Over the years, she grew away from her small town life, went to Meredith College then Harvard Law School. After graduating, she moved to New York, landed a job with Skadden, Arps, Slate, Meagher & Flom and then became counsel to Chase Manhattan Bank until 1994.

But her roots doing hometown service never left her. In 1996, the mother of three decided to formally cultivate this family value in her children. On behalf of and together with other children.

What began as a kitchen-table conversation among friends turned into “Children for Children,” a not-for-profit dedicated to getting youngsters involved in community service through volunteer work. It grew to have a presence in 23 states.

Then, in 2009, to ensure growth and sustainability, Children for Children combined with Atlanta, Georgia-based Points of Light/HandsOn Network as its youth service entity.

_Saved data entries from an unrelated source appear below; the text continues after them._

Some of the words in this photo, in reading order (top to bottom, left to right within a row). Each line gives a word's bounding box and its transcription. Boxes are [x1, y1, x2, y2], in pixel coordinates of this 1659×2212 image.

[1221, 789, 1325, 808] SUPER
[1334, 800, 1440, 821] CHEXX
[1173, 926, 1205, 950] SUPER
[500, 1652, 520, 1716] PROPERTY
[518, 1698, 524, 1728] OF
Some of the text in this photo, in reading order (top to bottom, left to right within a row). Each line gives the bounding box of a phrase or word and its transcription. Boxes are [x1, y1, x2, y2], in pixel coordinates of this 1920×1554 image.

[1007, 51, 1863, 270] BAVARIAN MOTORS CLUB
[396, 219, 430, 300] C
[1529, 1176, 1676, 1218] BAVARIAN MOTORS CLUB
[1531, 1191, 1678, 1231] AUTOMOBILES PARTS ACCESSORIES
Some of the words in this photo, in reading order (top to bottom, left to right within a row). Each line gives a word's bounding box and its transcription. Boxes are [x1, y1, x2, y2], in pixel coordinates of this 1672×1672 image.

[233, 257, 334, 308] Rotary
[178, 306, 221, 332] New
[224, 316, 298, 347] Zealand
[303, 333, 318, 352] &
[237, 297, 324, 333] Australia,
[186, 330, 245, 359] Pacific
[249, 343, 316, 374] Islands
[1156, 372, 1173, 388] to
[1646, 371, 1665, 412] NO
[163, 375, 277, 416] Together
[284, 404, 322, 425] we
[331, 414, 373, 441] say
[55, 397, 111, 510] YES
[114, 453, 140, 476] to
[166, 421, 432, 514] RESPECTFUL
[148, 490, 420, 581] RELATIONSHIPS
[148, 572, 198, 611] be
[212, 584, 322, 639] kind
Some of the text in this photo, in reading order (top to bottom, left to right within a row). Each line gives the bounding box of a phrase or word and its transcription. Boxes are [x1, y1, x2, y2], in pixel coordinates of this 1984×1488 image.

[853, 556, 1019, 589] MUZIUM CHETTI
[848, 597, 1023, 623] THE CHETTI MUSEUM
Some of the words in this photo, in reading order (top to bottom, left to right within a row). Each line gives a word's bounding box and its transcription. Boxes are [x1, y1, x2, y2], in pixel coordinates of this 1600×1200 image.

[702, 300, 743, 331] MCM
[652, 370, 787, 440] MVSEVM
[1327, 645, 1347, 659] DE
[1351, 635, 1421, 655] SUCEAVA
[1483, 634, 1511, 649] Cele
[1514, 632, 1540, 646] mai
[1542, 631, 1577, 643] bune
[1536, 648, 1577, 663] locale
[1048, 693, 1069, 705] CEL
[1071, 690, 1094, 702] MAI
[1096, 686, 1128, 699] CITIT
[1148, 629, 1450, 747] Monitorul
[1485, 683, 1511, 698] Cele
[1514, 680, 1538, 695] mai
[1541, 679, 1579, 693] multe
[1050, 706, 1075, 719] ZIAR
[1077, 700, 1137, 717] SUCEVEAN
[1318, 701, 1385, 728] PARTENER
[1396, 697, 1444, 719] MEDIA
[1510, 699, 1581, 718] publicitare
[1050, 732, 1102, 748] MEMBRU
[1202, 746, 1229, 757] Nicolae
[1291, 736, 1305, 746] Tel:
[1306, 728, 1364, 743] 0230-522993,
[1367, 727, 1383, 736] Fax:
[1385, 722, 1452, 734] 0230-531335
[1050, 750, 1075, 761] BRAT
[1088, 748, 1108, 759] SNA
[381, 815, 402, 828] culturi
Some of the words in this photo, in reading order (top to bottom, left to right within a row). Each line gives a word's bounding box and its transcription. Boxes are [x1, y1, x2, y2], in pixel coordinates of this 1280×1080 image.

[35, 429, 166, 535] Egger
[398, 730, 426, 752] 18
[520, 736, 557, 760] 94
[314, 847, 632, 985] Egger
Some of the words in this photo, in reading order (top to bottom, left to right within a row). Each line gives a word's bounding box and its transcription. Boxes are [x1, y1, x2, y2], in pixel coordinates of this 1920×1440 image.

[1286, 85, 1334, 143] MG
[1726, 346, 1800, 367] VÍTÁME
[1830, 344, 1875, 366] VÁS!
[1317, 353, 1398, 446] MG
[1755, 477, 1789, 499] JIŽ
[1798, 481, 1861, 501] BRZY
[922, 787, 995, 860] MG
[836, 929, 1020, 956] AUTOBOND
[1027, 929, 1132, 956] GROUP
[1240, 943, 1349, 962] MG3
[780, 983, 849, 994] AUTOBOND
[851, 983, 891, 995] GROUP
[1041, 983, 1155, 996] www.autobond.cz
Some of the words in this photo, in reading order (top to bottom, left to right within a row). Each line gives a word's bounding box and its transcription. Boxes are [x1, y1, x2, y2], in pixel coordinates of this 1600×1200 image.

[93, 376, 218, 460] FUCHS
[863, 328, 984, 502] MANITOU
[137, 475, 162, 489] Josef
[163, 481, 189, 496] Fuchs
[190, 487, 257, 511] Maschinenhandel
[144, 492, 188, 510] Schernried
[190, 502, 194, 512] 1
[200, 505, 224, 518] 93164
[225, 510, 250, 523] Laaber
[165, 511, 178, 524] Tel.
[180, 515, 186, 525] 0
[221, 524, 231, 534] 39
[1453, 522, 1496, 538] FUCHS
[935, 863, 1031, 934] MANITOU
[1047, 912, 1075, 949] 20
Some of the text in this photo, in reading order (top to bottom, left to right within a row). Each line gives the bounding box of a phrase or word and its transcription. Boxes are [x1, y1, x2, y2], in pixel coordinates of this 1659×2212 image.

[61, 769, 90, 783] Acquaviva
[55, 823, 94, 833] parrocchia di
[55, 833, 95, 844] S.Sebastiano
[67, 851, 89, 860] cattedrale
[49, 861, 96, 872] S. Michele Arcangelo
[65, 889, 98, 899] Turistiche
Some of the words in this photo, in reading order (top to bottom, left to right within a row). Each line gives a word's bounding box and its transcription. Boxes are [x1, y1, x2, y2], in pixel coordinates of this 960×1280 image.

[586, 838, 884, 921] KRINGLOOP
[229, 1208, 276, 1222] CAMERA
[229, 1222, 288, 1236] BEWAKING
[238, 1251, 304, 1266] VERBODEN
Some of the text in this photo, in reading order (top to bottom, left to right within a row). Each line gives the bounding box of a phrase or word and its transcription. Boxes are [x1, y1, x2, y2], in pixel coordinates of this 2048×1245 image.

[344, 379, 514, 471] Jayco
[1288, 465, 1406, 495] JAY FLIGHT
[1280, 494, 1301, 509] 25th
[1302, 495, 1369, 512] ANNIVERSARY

“We were trying to be innovative and entrepreneurial in the [non-profit] space,” said Ms. Wall Spitzer, who wears heels and an eclectic mix of designers from Carolina Herrera, Michael Kors, Akris, Neil Bieff and Tory Burch. As managing director of New York-based Metropolitan Capital Advisors, a woman-controlled investment company, she is responsible for business strategy and development.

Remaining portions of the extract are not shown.